Rambo loses just about all of his credibility from First Blood and attracts a massive following in the process. I guess a lot of people were just fed up with antiwar vibes in general.
Picking up a little after where the first film left off, John Rambo (Sylvester Stallone) is breaking rock and serving his time to society. That is until his former CO, Col. Trautman (Richard Crenna), offers a deal to get him a pardon. All he has to do is sneak back into Vietnam to search for POWs left over from the war. But Rambo's problems don't just come from hostile Vietnamese or even sadistic Russians, as he's still considered just as expendable as ever.
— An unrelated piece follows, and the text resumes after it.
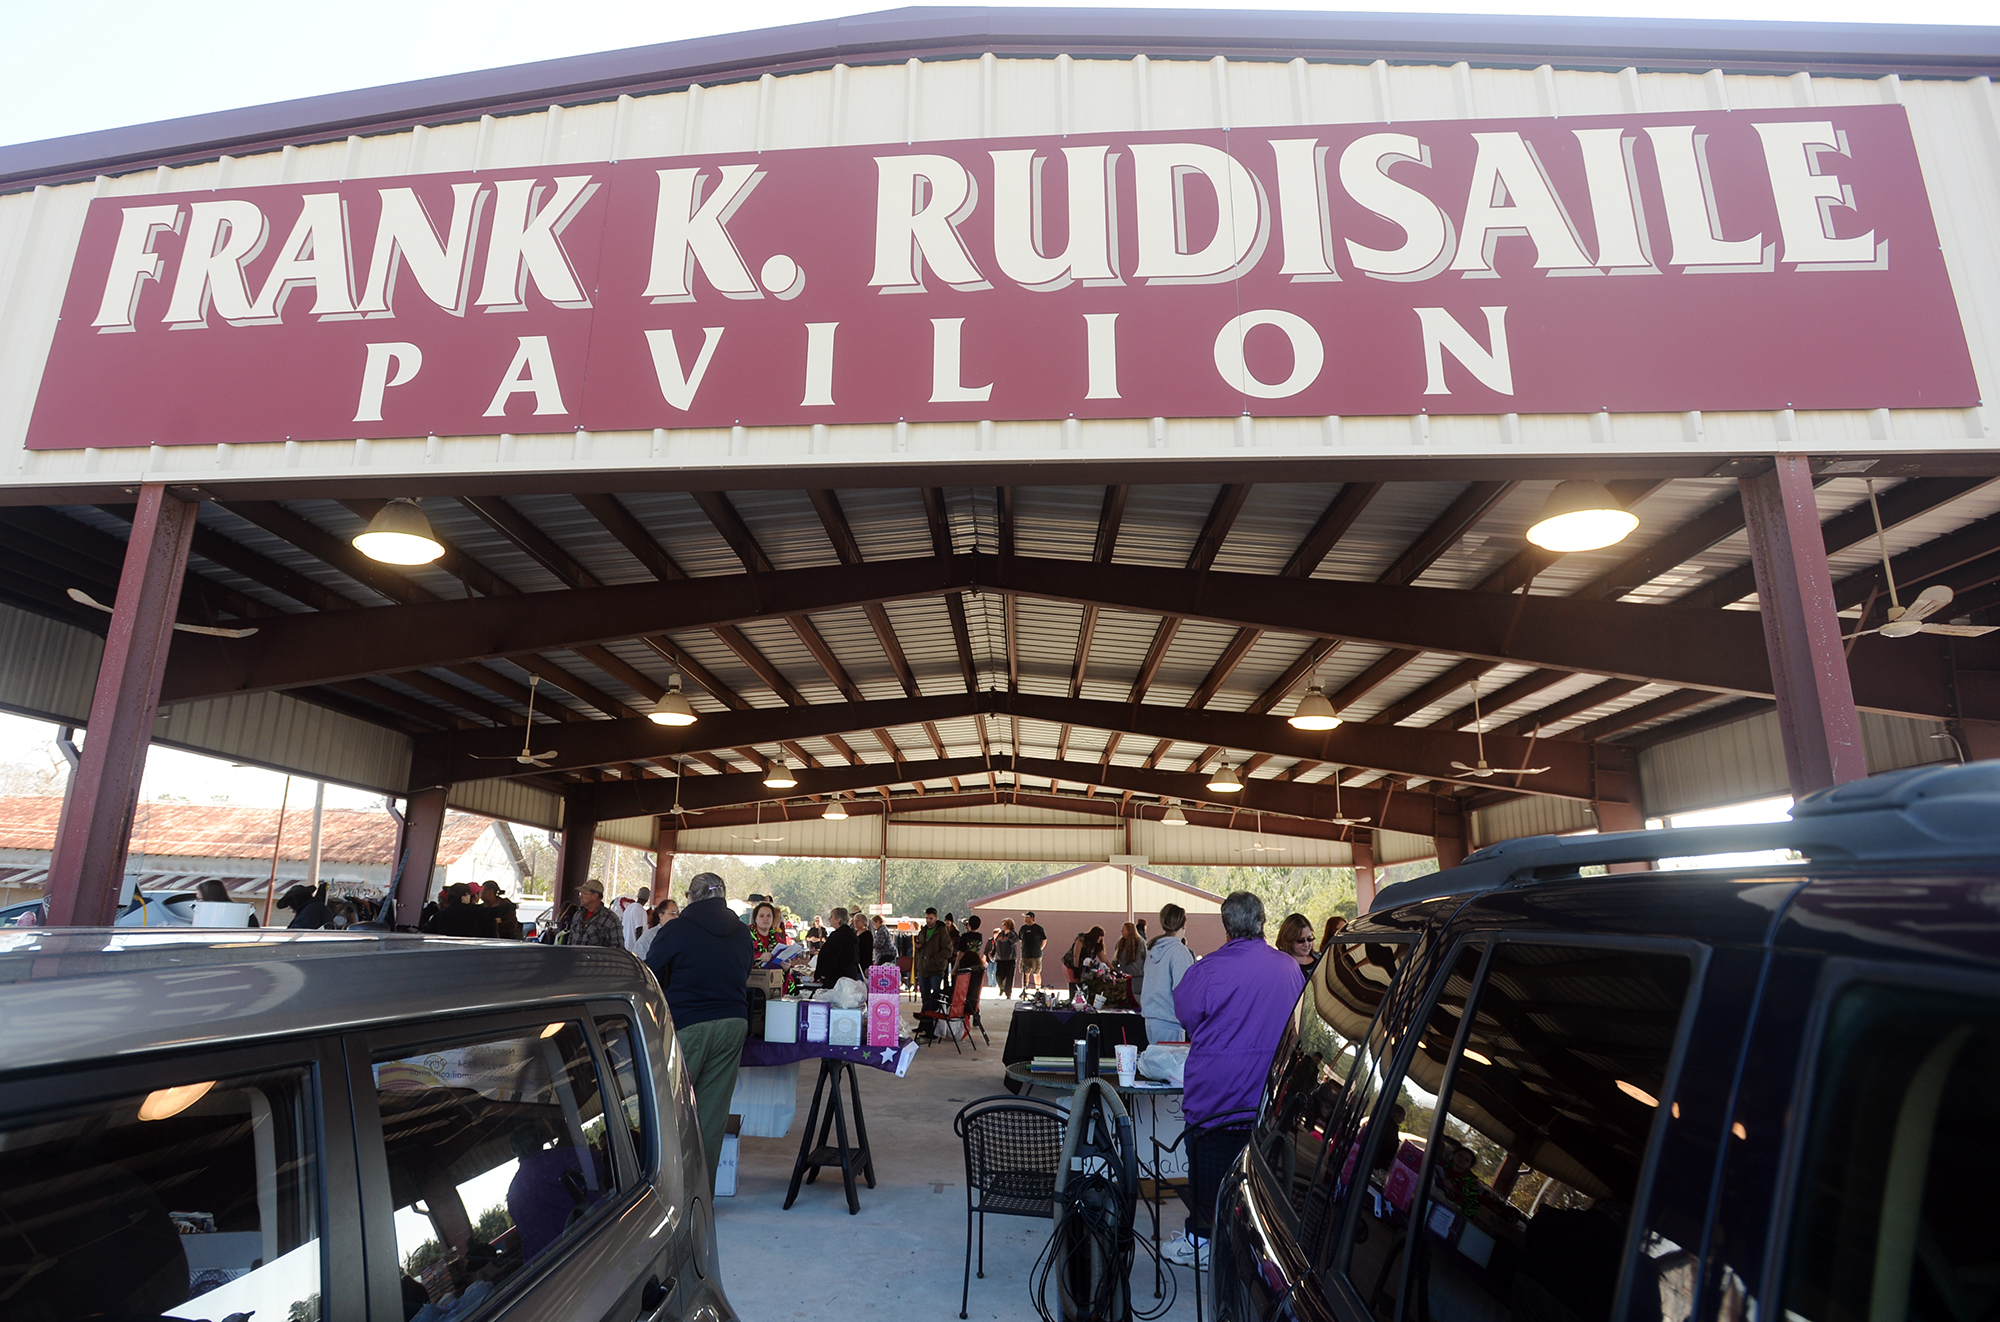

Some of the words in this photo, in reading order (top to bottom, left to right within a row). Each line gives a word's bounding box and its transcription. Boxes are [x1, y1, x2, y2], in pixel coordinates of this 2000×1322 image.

While it's perfectly debatable that Rambo II is a decent action flick in and of itself, there are inevitably enough compromises made that the overall effort comes off as cheesy. That's too bad, since the beginning half ain't half bad, though the whole Vietnam thread is never quite done deftly enough to escape campiness either. But the defining quality of the movie, that Rambo is an invincible American killing machine, which is of course the majority of the franchise's appeal, is the biggest trip up. It's not even like the guy can bleed, as this was the era of the super action hero (later with Schwarzenegger). There's also the infamous kiss of death scene (or at least it should be infamous), which is invariably just plain embarrassing. Otherwise, there are more than enough guns, explosions, and bad guys paying their dues to whet any action monger's appetite.
Stallone puts on his dependable Rambo-as-victim persona, though corners are cut and he becomes more cardboard than human. The boat scene he has is nice, but hardly enough to lean the entire film on. Richard Crenna is passable as the typical buddy/commander guy, and Charles Napier is at least believable as the baloney bureaucrat. Then there's Julia Nickson-Soul, whose accent is, needless to say, not fooling anyone.
More fantasy than war film, it would probably be better just to stick with Part I for this trilogy.